Information shown:
---

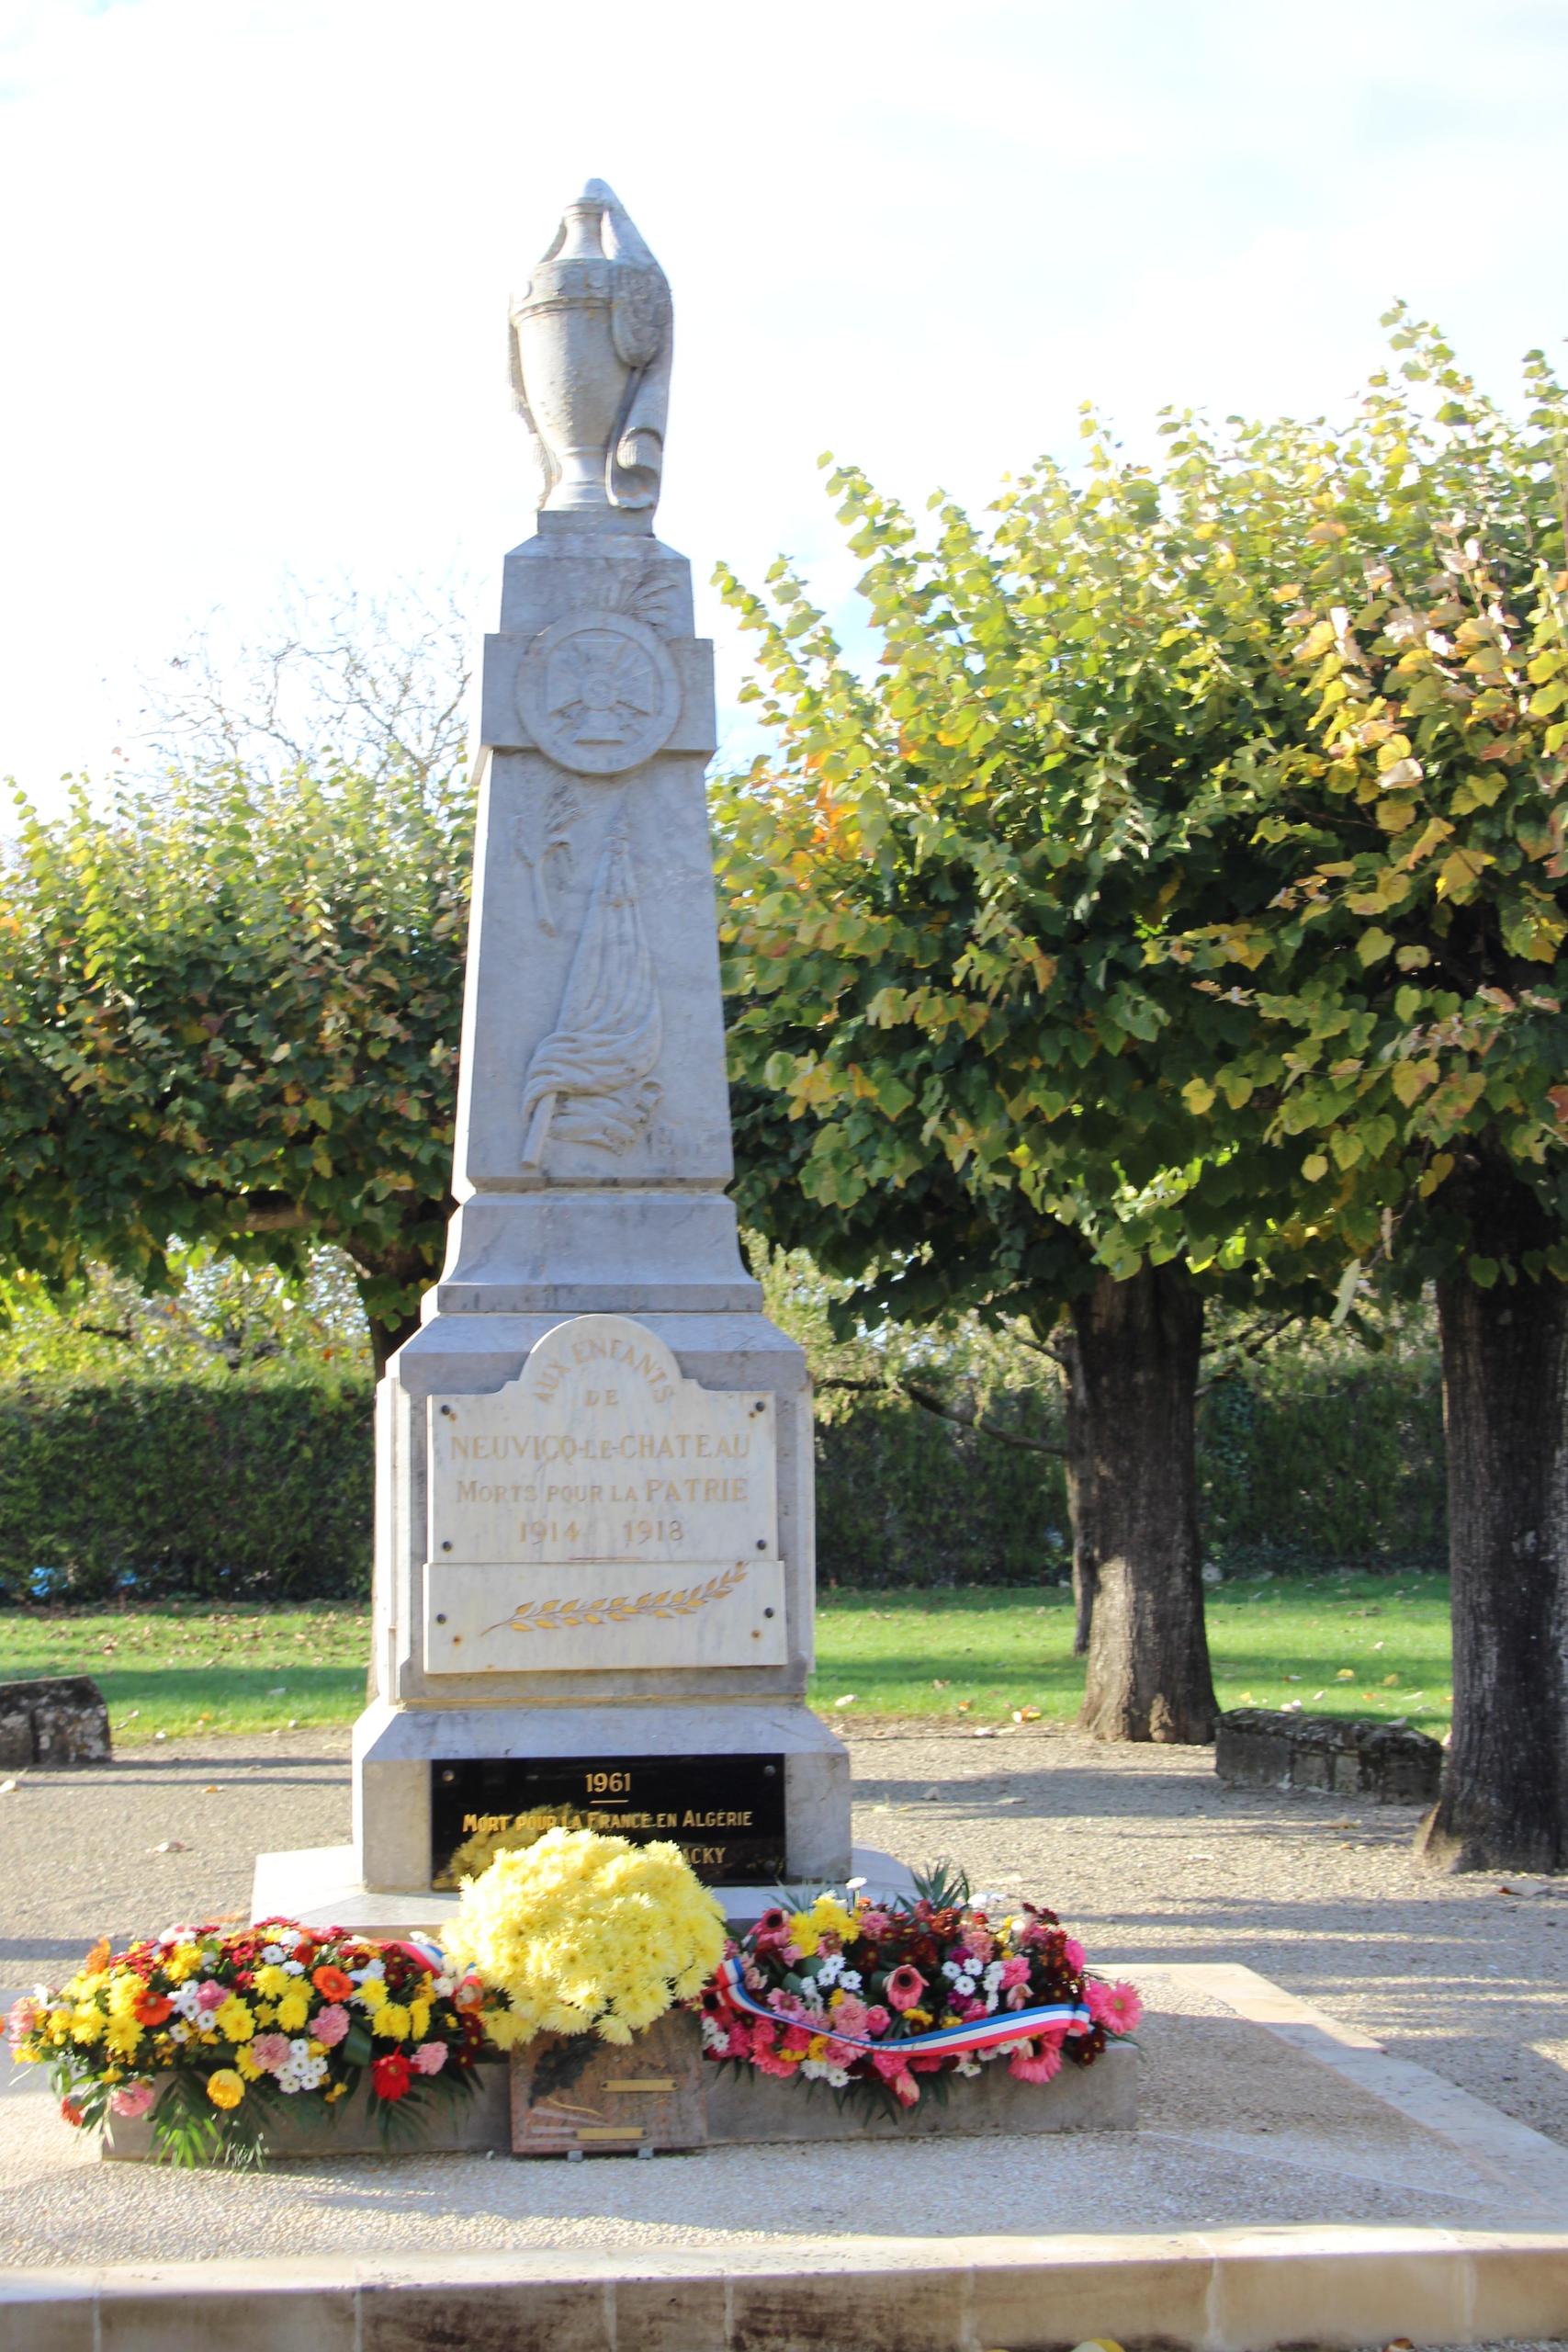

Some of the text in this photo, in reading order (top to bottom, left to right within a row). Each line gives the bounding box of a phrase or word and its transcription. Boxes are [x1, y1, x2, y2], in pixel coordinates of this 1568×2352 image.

[532, 1338, 676, 1404] AUX ENFANTS
[584, 1389, 619, 1408] DE
[457, 1477, 749, 1503] MORTS POUR LA PATRIE
[519, 1520, 684, 1545] 1914 1918
[585, 1771, 631, 1792] 1961
[462, 1808, 752, 1833] MORT POUR LA FRANCE EN ALGÉRIE
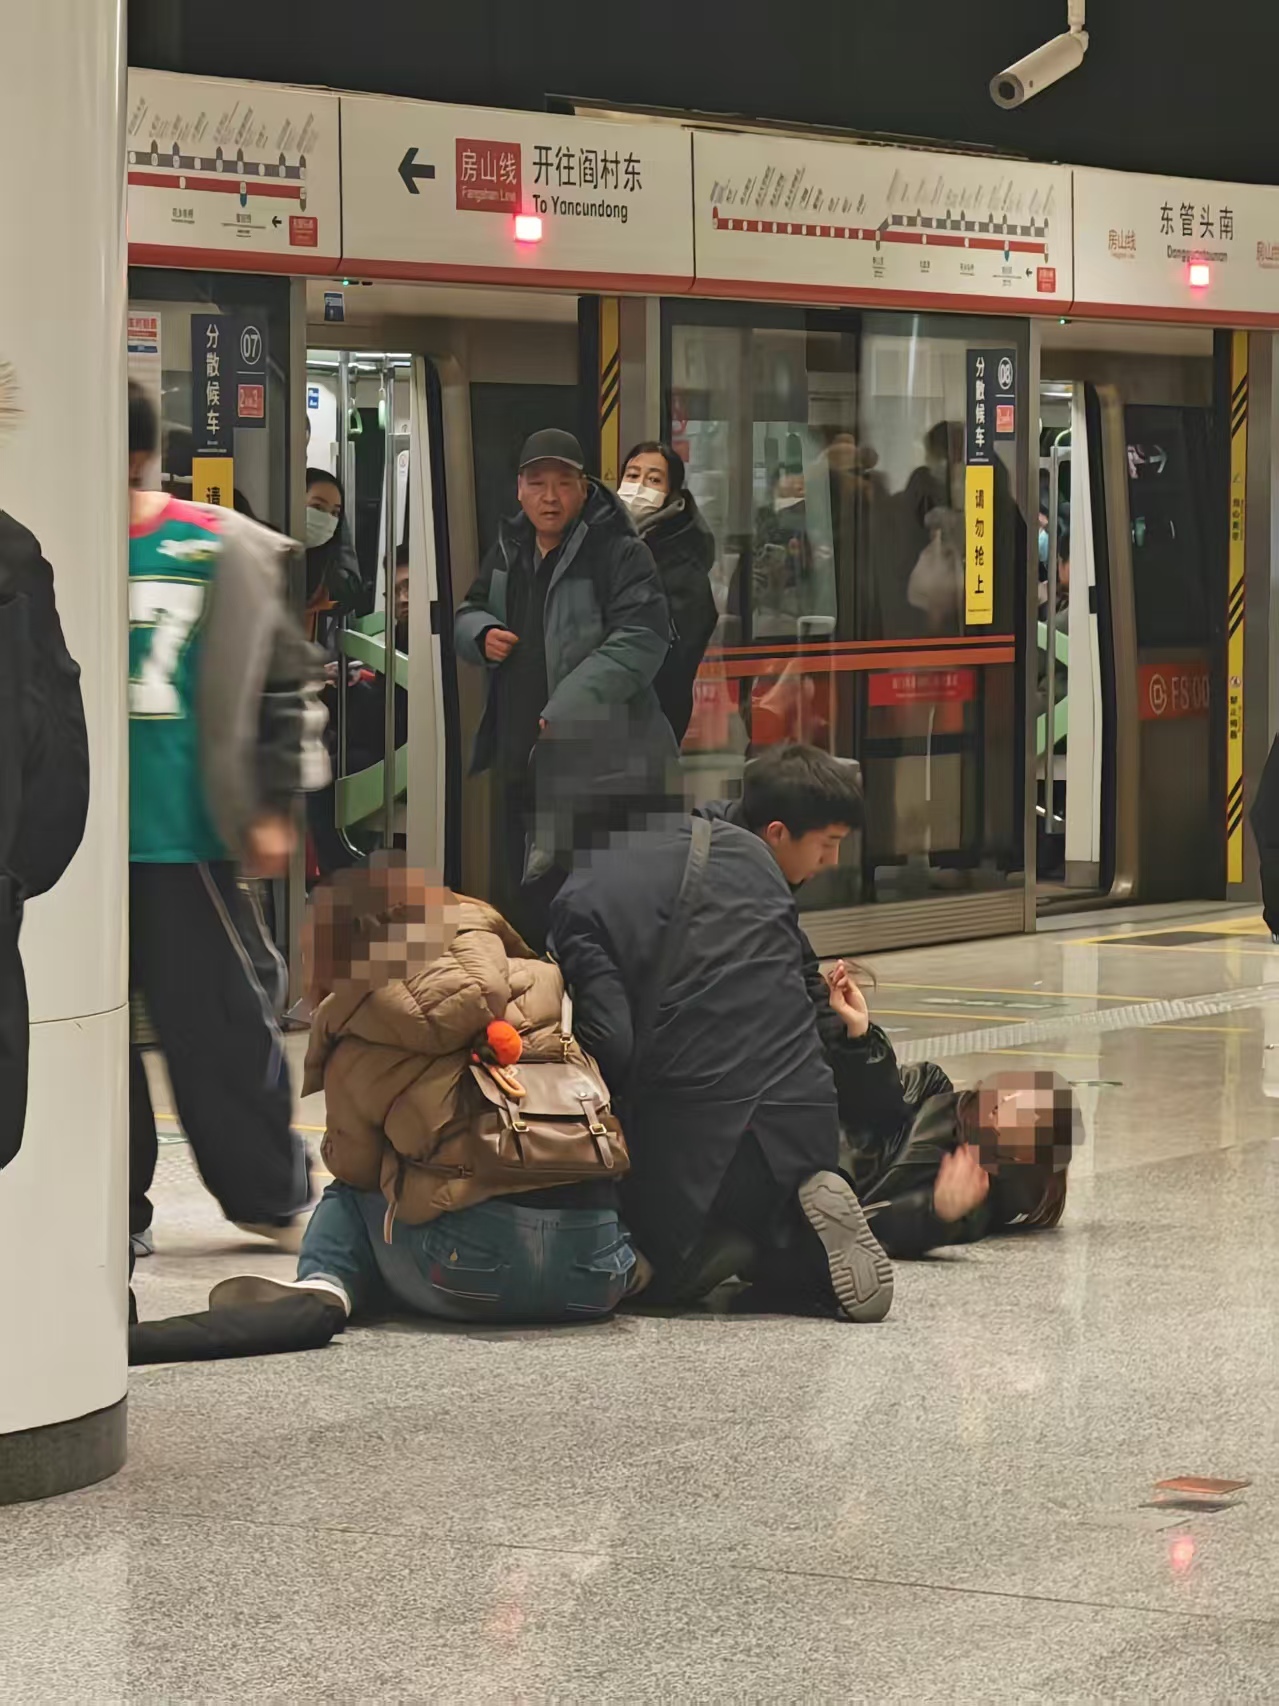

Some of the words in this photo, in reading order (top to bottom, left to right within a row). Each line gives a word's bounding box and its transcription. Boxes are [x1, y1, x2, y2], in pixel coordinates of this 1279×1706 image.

[460, 149, 517, 185] 房山线
[533, 145, 642, 192] 开往阎村东
[532, 194, 548, 214] To
[550, 195, 629, 223] Yancundong
[1160, 200, 1234, 241] 东管头南
[243, 334, 259, 358] 07
[206, 323, 220, 435] 分散候车
[1001, 364, 1010, 383] 08
[975, 356, 986, 448] 分散候车
[974, 489, 985, 594] 请勿抢上
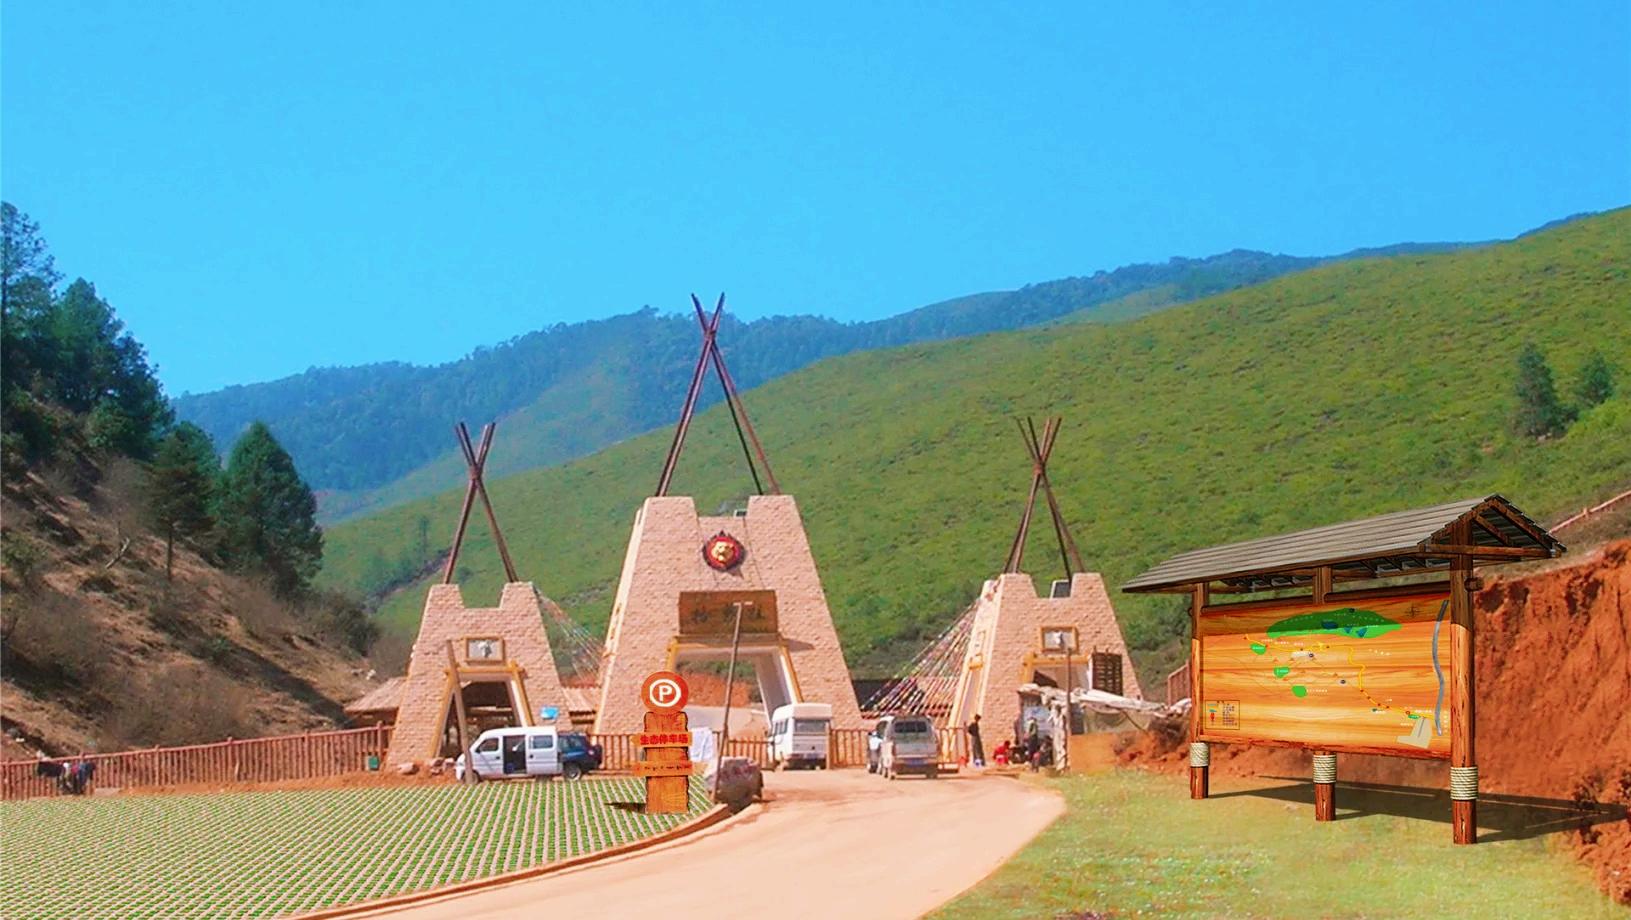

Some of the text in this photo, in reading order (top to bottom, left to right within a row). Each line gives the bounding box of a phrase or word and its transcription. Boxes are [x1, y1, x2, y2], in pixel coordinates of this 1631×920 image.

---

Task to complete:
With the pictures left aside, set down each entry above exactly as it stands.

Answer space:
Some of the text in this photo, in reading order (top to bottom, left to right within a row). Each line gives the bounding box of a phrase or word and its transcription. Boxes are [x1, y1, x2, y2], in pixel coordinates of this 1568×2352 image.

[532, 1338, 676, 1404] AUX ENFANTS
[584, 1389, 619, 1408] DE
[457, 1477, 749, 1503] MORTS POUR LA PATRIE
[519, 1520, 684, 1545] 1914 1918
[585, 1771, 631, 1792] 1961
[462, 1808, 752, 1833] MORT POUR LA FRANCE EN ALGÉRIE

Some of the words in this photo, in reading order (top to bottom, left to right within a row). Each line gives a word's bounding box and its transcription. Boxes are [x1, y1, x2, y2], in pixel coordinates of this 1279×1706 image.

[460, 149, 517, 185] 房山线
[533, 145, 642, 192] 开往阎村东
[532, 194, 548, 214] To
[550, 195, 629, 223] Yancundong
[1160, 200, 1234, 241] 东管头南
[243, 334, 259, 358] 07
[206, 323, 220, 435] 分散候车
[1001, 364, 1010, 383] 08
[975, 356, 986, 448] 分散候车
[974, 489, 985, 594] 请勿抢上

Some of the text in this photo, in reading order (top to bottom, left to right within a row). Each line gives the bounding box of a phrase or word and its transcription. Boxes are [x1, y1, x2, y2], in pixel coordinates of this 1631×920 image.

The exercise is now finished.